Department of Public Health, Henri Mondor-Albert Chenevier Hospitals, AP-HP, Créteil, France.
Department of Dermatology, Victor Dupouy Hospital, Argenteuil, France.
Department of Dermatology, Saint Louis Hospital and Université Paris Diderot, Sorbonne Paris Cité, AP-HP, Paris France.
André Mignot Hospital, Versailles, France.
Faculty of Medicine, University Paris-Est Créteil, Créteil, France.



The prevalence of skin diseases among prisoners is higher than in the general population. Diagnosing and treating these lesions require a dermatologic advice.

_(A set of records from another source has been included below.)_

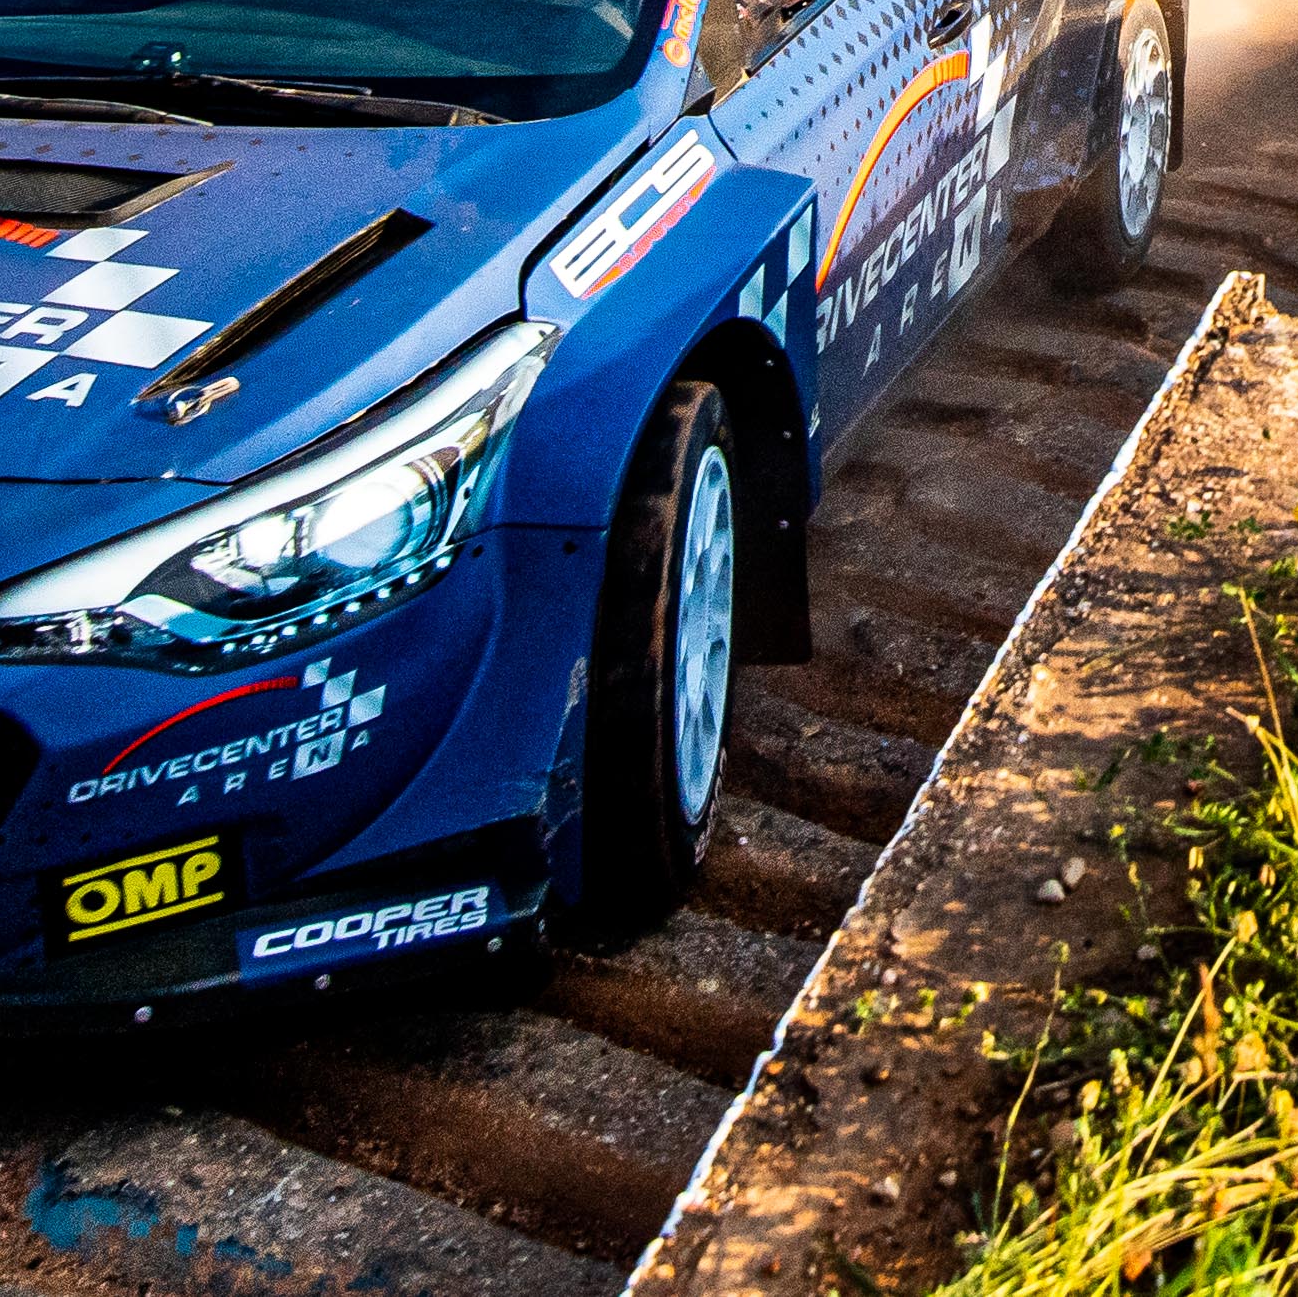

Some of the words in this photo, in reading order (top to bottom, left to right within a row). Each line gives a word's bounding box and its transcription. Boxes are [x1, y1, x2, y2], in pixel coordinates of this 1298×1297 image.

[816, 134, 988, 355] RIVECENTER
[69, 707, 347, 803] DRIVECENTER
[177, 729, 371, 806] ARENA
[64, 851, 222, 927] OMP
[253, 886, 490, 958] COOPER
[374, 908, 488, 951] TIRES

A tele-expertise network in dermatology for prisoners including 8 health facilities in prison and 2 hospital dermatological departments was developed to improve access to dermatologists' expertise in correctional facilities. Our objective was to evaluate the effectiveness and costs of tele-expertise in dermatology for prisoners.

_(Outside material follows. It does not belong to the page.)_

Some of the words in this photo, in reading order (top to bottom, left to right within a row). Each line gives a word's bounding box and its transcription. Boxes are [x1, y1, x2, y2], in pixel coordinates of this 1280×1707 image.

We carried out a retrospective cohort study on data collected by the information system of the tele-expertise network. We used the MAST (Model for ASsessment of Telemedicine) model to perform a multidimensional assessment including the proportion of patients with a completed treatment plan for the skin lesions, the proportion of technical problems, the quality of the pictures, the investment and operating costs and the satisfaction of the professionals.


Mean patient age was 34.2 years with 90% men. 511 requests for 450 patients were initiated. The delay from the connection to the tele-expertise software to the validation of the request was inferior to 7 min for 50% of the requests and inferior to 30 min for 85% of the requests. Overall, with tele-expertise, 82% of the patients had a completed treatment plan for the skin lesions, with 2.9% of all patients requiring a later face-to-face appointment or hospitalization, to be compared to a proportion of 35% of patients with a completed treatment plan when tele-expertise was not available. The most frequent lesions were acnea (22%) and atopic dermatitis (18%). The mean cost for one completed treatment plan was €184 by tele-expertise and €315 without tele-expertise. Tele-expertise was well accepted among physicians with all responders (n = 9) willing to continue using it.


Tele-expertise is a dominant intervention in comparison to a face-to face consultation taking into account the cost of transportation and the proportion of canceled appointments and is acceptable for physicians.